- [INFORMATION SHOWN]:
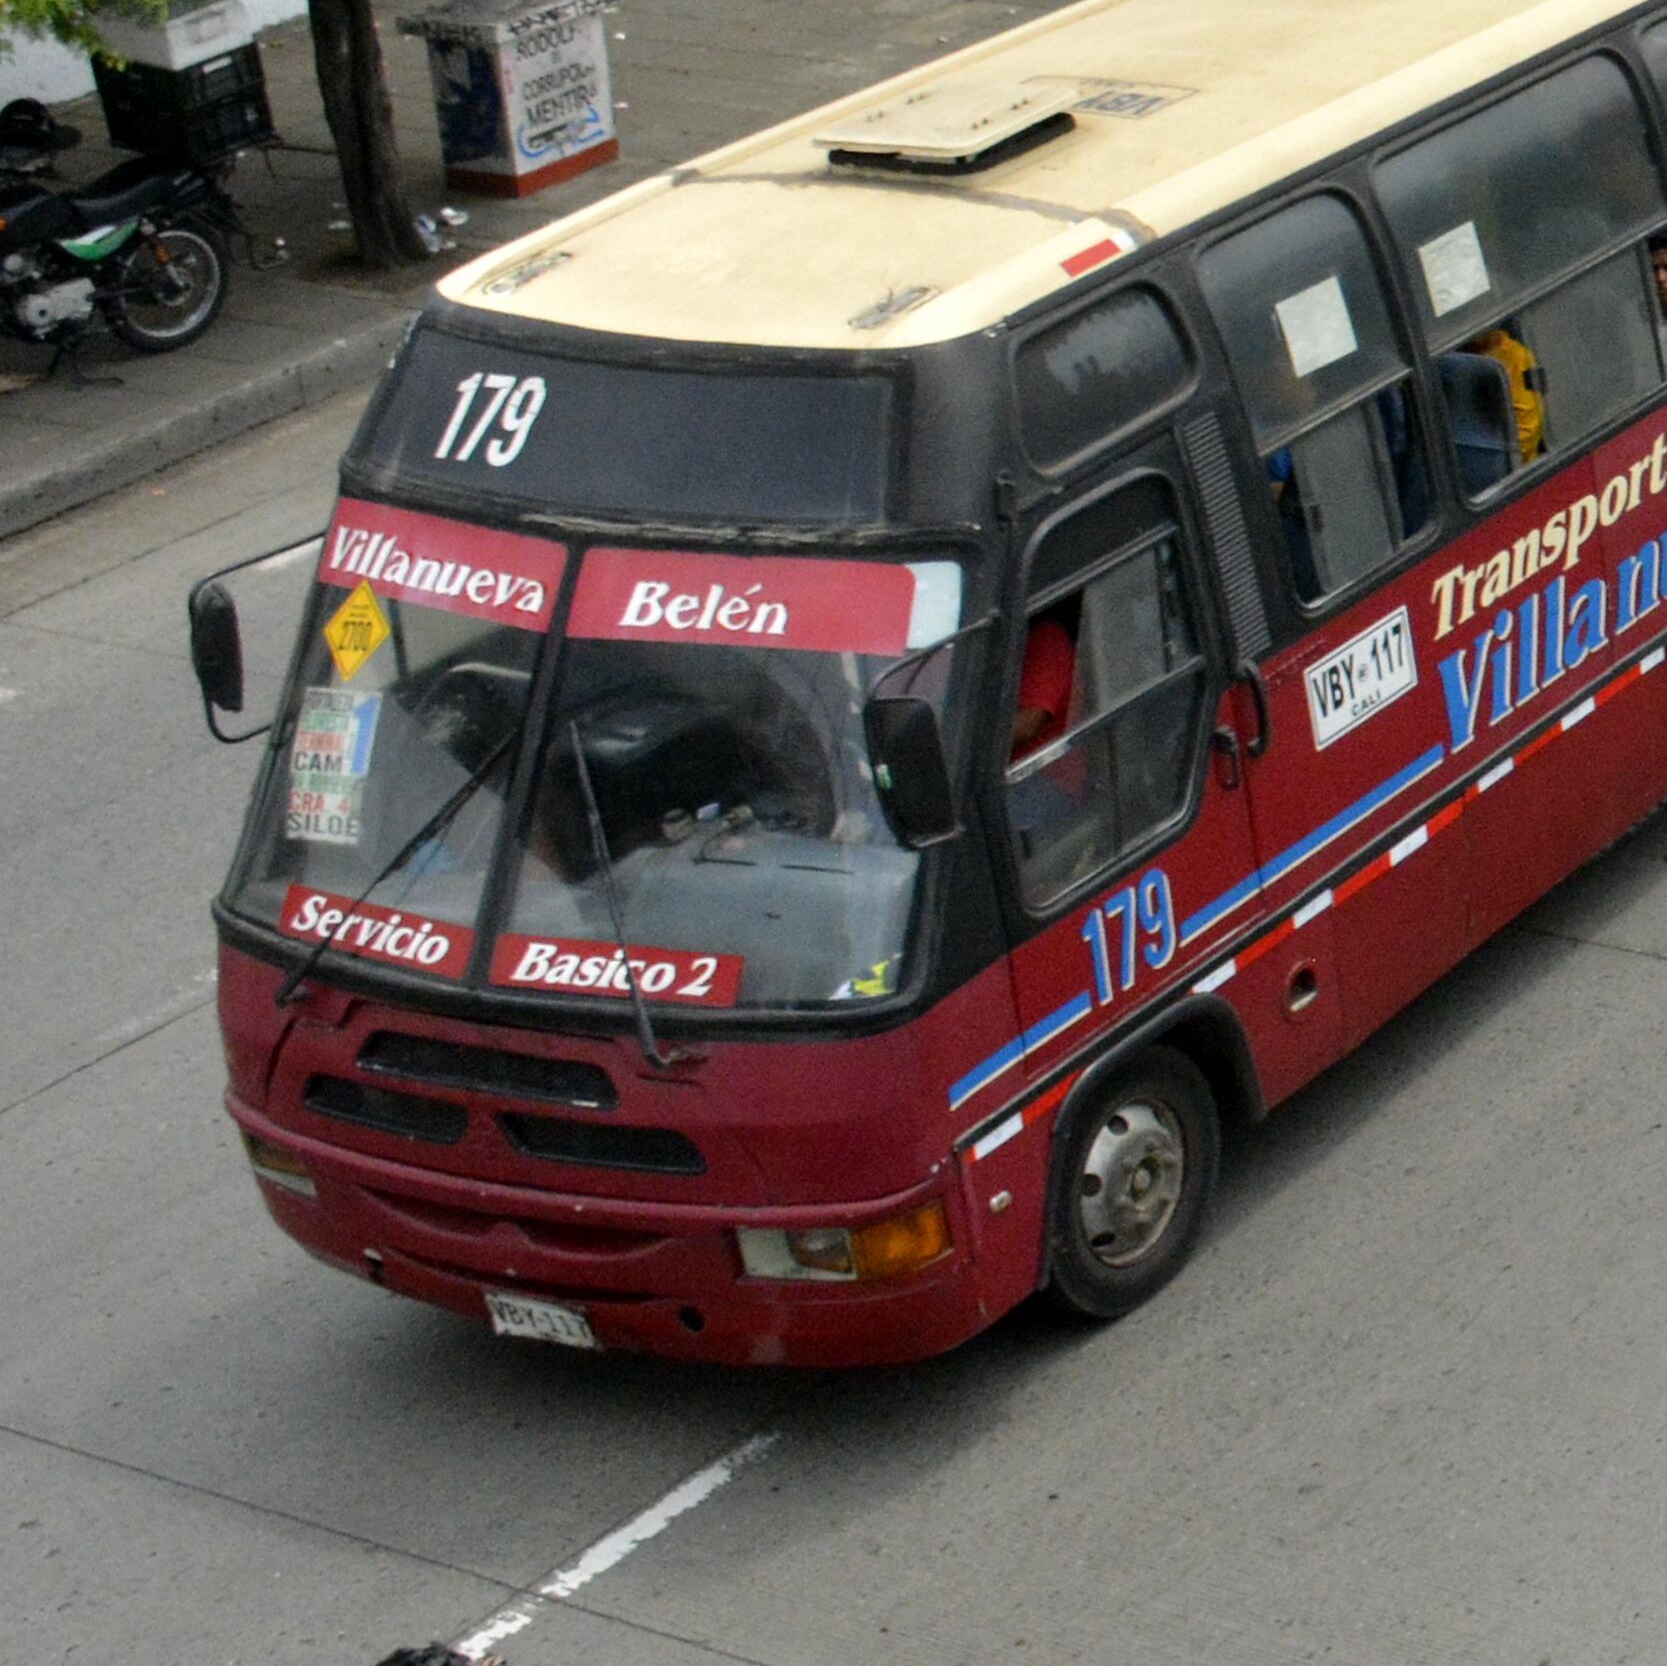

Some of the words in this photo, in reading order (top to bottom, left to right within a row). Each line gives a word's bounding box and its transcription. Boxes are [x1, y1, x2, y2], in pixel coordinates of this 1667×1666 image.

[435, 372, 546, 468] 179
[331, 524, 545, 615] Villanueva
[619, 581, 788, 635] Belén
[1312, 654, 1355, 717] VBY
[1370, 623, 1404, 680] 117
[1352, 689, 1382, 717] CALI
[286, 813, 361, 838] SILOE
[290, 893, 451, 966] Servicio
[1080, 867, 1177, 1007] 179
[510, 942, 676, 996] Basico
[675, 957, 717, 997] 2

- [TO DO]: Repeat the listing above word for word and leave its images out.

- [EXERCISE OUTPUT]:
Some of the words in this photo, in reading order (top to bottom, left to right within a row). Each line gives a word's bounding box and its transcription. Boxes are [x1, y1, x2, y2], in pixel coordinates of this 1667×1666 image.

[435, 372, 546, 468] 179
[331, 524, 545, 615] Villanueva
[619, 581, 788, 635] Belén
[1312, 654, 1355, 717] VBY
[1370, 623, 1404, 680] 117
[1352, 689, 1382, 717] CALI
[286, 813, 361, 838] SILOE
[290, 893, 451, 966] Servicio
[1080, 867, 1177, 1007] 179
[510, 942, 676, 996] Basico
[675, 957, 717, 997] 2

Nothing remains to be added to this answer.